> _TASK INSTRUCTIONS_: Transcribe the records below exactly, leaving out any pictures.

[Extracted records]

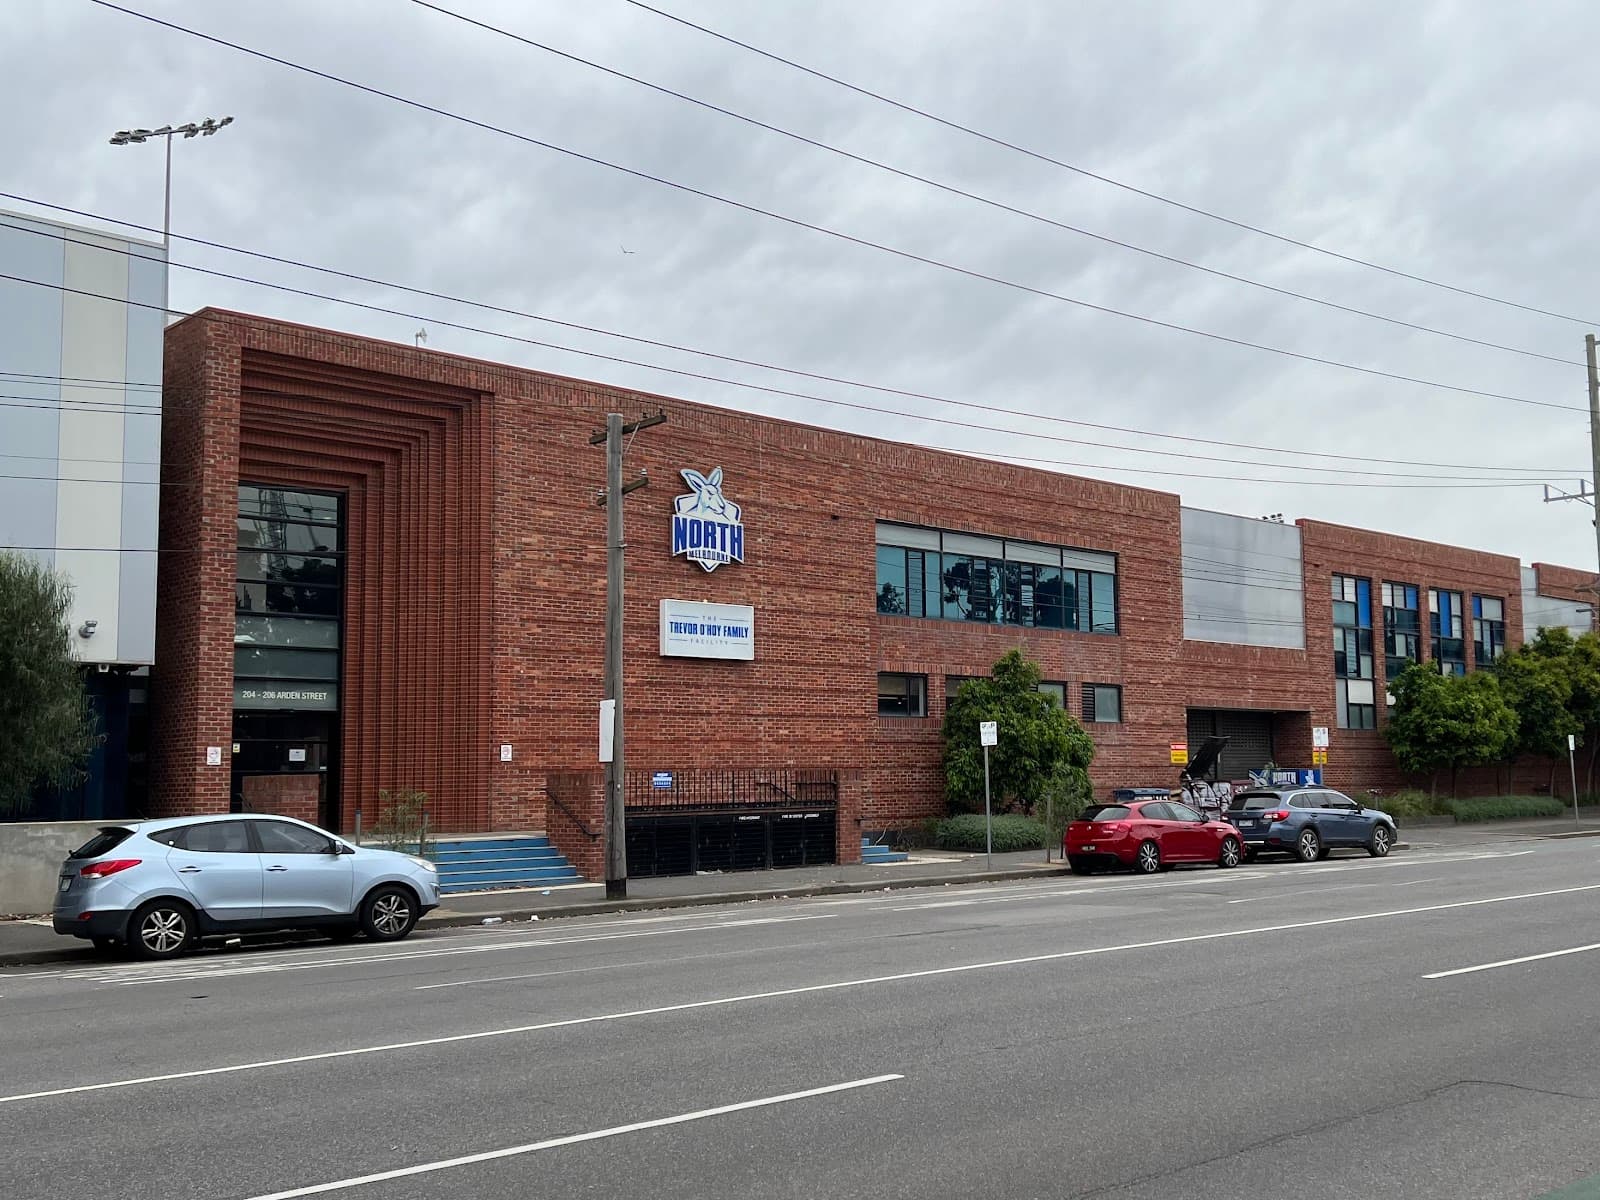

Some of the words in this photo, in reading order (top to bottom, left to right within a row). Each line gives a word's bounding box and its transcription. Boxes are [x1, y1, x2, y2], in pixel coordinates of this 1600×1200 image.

[673, 516, 744, 561] NORTH
[688, 549, 729, 562] MELBOURNE
[669, 621, 698, 635] TREVOR
[699, 623, 721, 637] O'HOY
[723, 625, 749, 638] FAMILY
[690, 638, 728, 646] FACILITY
[242, 690, 256, 699] 204
[262, 691, 276, 699] 206
[276, 691, 300, 700] ARDEN
[301, 692, 328, 700] STREET
[1272, 771, 1297, 785] NORTH

> _TASK RESULT_:
Some of the words in this photo, in reading order (top to bottom, left to right within a row). Each line gives a word's bounding box and its transcription. Boxes are [x1, y1, x2, y2], in pixel coordinates of this 1600×1200 image.

[673, 516, 744, 561] NORTH
[688, 549, 729, 562] MELBOURNE
[669, 621, 698, 635] TREVOR
[699, 623, 721, 637] O'HOY
[723, 625, 749, 638] FAMILY
[690, 638, 728, 646] FACILITY
[242, 690, 256, 699] 204
[262, 691, 276, 699] 206
[276, 691, 300, 700] ARDEN
[301, 692, 328, 700] STREET
[1272, 771, 1297, 785] NORTH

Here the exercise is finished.